Small-scale turbulence limit of Fokker-Planck equation for polymers in turbulent flow
Yassine Tahraoui
TL;DR
The paper analyzes the sharp, two-scale limit for the Fokker–Planck equation of dilute polymers in a turbulent flow decomposed into large-scale deterministic and small-scale stochastic components. Using stochastic diffusion limit techniques and kinetic-transport analysis, it derives a limit equation with diffusion in the end-to-end vector and identifies how the second, singular limit τ→0 yields either a generalized Cauchy density or a measure-valued limit depending on the tail parameter α. A key finding is that when α>d/2 the polymer distribution converges to a product of a macroscopic density and a generalized Cauchy density in end-to-end length, while for α≤d/2 the limit may concentrate as a Radon measure, capturing coil-stretch transition and potential infinite extension.

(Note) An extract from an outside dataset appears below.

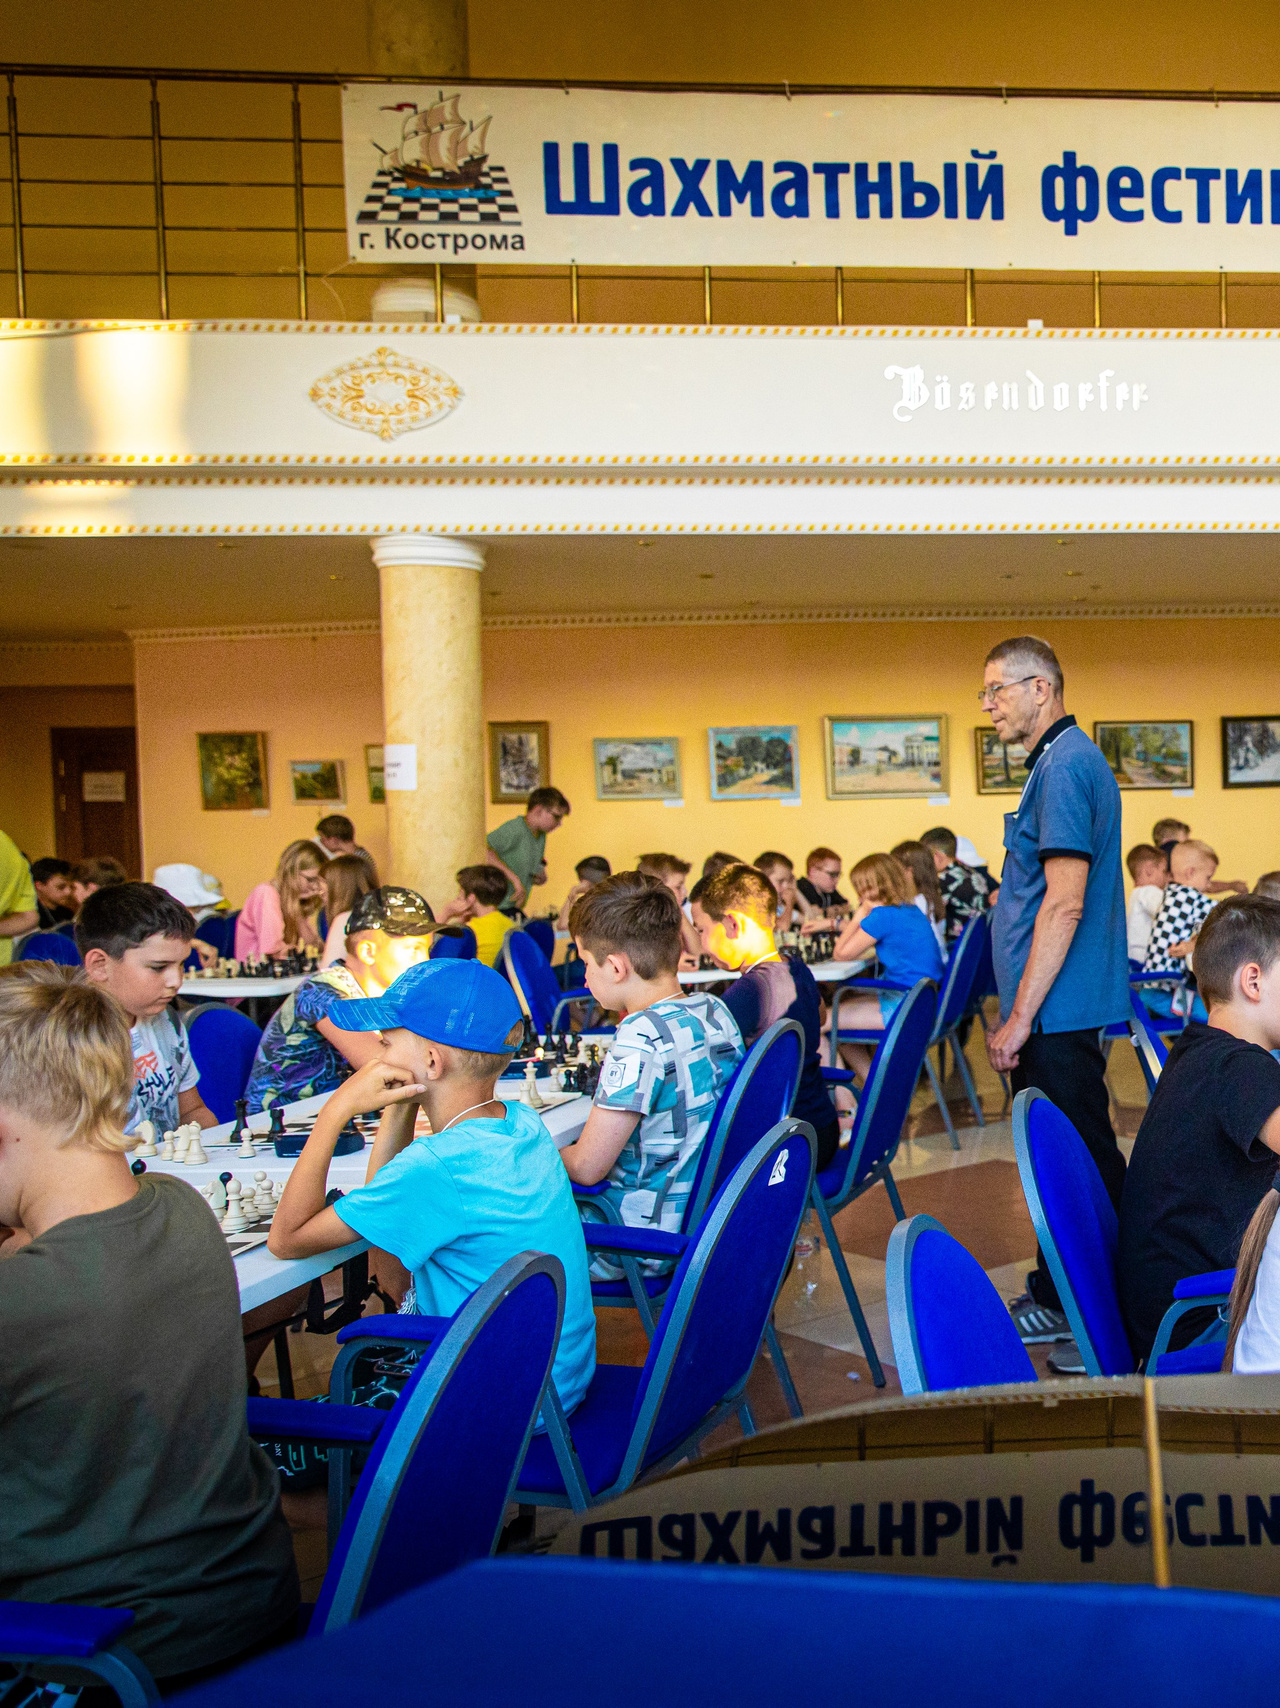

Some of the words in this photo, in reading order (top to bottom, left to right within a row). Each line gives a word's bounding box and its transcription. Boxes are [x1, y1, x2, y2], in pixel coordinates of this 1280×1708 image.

The results provide a rigorous bridge between turbulence modeling, heavy-tail polymer statistics, and the onset of coil-stretch behavior, with implications for drag reduction theory and extensions to FENE-type models in future work.
Abstract
We study the singular limit of Fokker-Planck equation of polymers density as the dominant time-scale of small scale component of turbulent flow goes to zero. Here, we complete the study of Flandoli-Tahraoui[arXiv:2410.00520] about scaling limit as the space-scale of small scale component of turbulent flow goes to zero by using stochastic modeling of turbulence. Depending on certain parameters related to turbulence modeling, the limit density has generalized Cauchy distribution for the end-to-end vector. We discuss also the limit when we don't have a probability density limit. Our approach is based on the derivation of an appropriate estimates on $L^2$ with appropriate weight and investigate the convergence.